[Task description]: Transcribe the entries below exactly as they appear.

[Data to process]:
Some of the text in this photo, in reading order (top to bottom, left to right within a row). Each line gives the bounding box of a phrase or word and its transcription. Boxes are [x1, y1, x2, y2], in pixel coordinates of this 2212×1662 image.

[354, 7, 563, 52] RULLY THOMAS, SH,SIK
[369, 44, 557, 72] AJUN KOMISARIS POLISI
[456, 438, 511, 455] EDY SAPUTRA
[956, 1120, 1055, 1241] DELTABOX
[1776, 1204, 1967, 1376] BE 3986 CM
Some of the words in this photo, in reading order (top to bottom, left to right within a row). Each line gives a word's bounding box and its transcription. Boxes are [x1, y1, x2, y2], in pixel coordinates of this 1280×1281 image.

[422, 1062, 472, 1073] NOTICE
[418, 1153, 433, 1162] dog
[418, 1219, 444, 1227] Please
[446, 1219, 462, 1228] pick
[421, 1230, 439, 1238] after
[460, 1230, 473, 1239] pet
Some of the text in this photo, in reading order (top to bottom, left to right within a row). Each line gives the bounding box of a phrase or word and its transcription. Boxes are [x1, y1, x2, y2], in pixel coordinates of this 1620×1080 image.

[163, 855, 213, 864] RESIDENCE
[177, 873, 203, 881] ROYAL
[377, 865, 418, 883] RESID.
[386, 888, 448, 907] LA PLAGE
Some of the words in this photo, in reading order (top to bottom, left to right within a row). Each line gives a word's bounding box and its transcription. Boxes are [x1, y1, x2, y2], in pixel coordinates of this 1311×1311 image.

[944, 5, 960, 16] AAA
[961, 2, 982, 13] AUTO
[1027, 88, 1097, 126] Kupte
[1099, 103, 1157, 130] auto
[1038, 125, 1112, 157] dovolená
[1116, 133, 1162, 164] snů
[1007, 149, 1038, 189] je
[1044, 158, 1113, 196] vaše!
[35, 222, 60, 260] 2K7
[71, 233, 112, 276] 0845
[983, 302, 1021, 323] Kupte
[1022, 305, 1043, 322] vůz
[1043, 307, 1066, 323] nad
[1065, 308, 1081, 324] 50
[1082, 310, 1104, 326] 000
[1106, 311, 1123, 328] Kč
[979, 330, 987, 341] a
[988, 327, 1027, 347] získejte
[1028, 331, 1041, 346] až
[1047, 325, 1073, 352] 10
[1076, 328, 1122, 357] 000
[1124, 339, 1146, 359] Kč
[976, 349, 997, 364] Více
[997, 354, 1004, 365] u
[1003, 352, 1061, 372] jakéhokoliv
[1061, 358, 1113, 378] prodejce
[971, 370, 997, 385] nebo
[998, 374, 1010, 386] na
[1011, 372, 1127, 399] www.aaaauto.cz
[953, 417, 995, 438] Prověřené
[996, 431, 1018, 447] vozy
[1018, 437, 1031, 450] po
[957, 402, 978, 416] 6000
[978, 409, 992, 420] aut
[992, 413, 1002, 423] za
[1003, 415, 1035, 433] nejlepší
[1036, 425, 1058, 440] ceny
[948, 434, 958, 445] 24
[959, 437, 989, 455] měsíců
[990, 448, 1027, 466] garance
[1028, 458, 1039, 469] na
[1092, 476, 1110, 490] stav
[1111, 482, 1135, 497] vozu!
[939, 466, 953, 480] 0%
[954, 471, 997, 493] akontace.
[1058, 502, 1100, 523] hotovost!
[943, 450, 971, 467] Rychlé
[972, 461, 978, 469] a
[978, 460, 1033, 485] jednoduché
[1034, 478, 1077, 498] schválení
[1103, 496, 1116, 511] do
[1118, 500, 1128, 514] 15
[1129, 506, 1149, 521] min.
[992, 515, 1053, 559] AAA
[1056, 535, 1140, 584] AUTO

[Task response]:
Some of the text in this photo, in reading order (top to bottom, left to right within a row). Each line gives the bounding box of a phrase or word and its transcription. Boxes are [x1, y1, x2, y2], in pixel coordinates of this 2212×1662 image.

[354, 7, 563, 52] RULLY THOMAS, SH,SIK
[369, 44, 557, 72] AJUN KOMISARIS POLISI
[456, 438, 511, 455] EDY SAPUTRA
[956, 1120, 1055, 1241] DELTABOX
[1776, 1204, 1967, 1376] BE 3986 CM
Some of the words in this photo, in reading order (top to bottom, left to right within a row). Each line gives a word's bounding box and its transcription. Boxes are [x1, y1, x2, y2], in pixel coordinates of this 1280×1281 image.

[422, 1062, 472, 1073] NOTICE
[418, 1153, 433, 1162] dog
[418, 1219, 444, 1227] Please
[446, 1219, 462, 1228] pick
[421, 1230, 439, 1238] after
[460, 1230, 473, 1239] pet
Some of the text in this photo, in reading order (top to bottom, left to right within a row). Each line gives the bounding box of a phrase or word and its transcription. Boxes are [x1, y1, x2, y2], in pixel coordinates of this 1620×1080 image.

[163, 855, 213, 864] RESIDENCE
[177, 873, 203, 881] ROYAL
[377, 865, 418, 883] RESID.
[386, 888, 448, 907] LA PLAGE
Some of the words in this photo, in reading order (top to bottom, left to right within a row). Each line gives a word's bounding box and its transcription. Boxes are [x1, y1, x2, y2], in pixel coordinates of this 1311×1311 image.

[944, 5, 960, 16] AAA
[961, 2, 982, 13] AUTO
[1027, 88, 1097, 126] Kupte
[1099, 103, 1157, 130] auto
[1038, 125, 1112, 157] dovolená
[1116, 133, 1162, 164] snů
[1007, 149, 1038, 189] je
[1044, 158, 1113, 196] vaše!
[35, 222, 60, 260] 2K7
[71, 233, 112, 276] 0845
[983, 302, 1021, 323] Kupte
[1022, 305, 1043, 322] vůz
[1043, 307, 1066, 323] nad
[1065, 308, 1081, 324] 50
[1082, 310, 1104, 326] 000
[1106, 311, 1123, 328] Kč
[979, 330, 987, 341] a
[988, 327, 1027, 347] získejte
[1028, 331, 1041, 346] až
[1047, 325, 1073, 352] 10
[1076, 328, 1122, 357] 000
[1124, 339, 1146, 359] Kč
[976, 349, 997, 364] Více
[997, 354, 1004, 365] u
[1003, 352, 1061, 372] jakéhokoliv
[1061, 358, 1113, 378] prodejce
[971, 370, 997, 385] nebo
[998, 374, 1010, 386] na
[1011, 372, 1127, 399] www.aaaauto.cz
[953, 417, 995, 438] Prověřené
[996, 431, 1018, 447] vozy
[1018, 437, 1031, 450] po
[957, 402, 978, 416] 6000
[978, 409, 992, 420] aut
[992, 413, 1002, 423] za
[1003, 415, 1035, 433] nejlepší
[1036, 425, 1058, 440] ceny
[948, 434, 958, 445] 24
[959, 437, 989, 455] měsíců
[990, 448, 1027, 466] garance
[1028, 458, 1039, 469] na
[1092, 476, 1110, 490] stav
[1111, 482, 1135, 497] vozu!
[939, 466, 953, 480] 0%
[954, 471, 997, 493] akontace.
[1058, 502, 1100, 523] hotovost!
[943, 450, 971, 467] Rychlé
[972, 461, 978, 469] a
[978, 460, 1033, 485] jednoduché
[1034, 478, 1077, 498] schválení
[1103, 496, 1116, 511] do
[1118, 500, 1128, 514] 15
[1129, 506, 1149, 521] min.
[992, 515, 1053, 559] AAA
[1056, 535, 1140, 584] AUTO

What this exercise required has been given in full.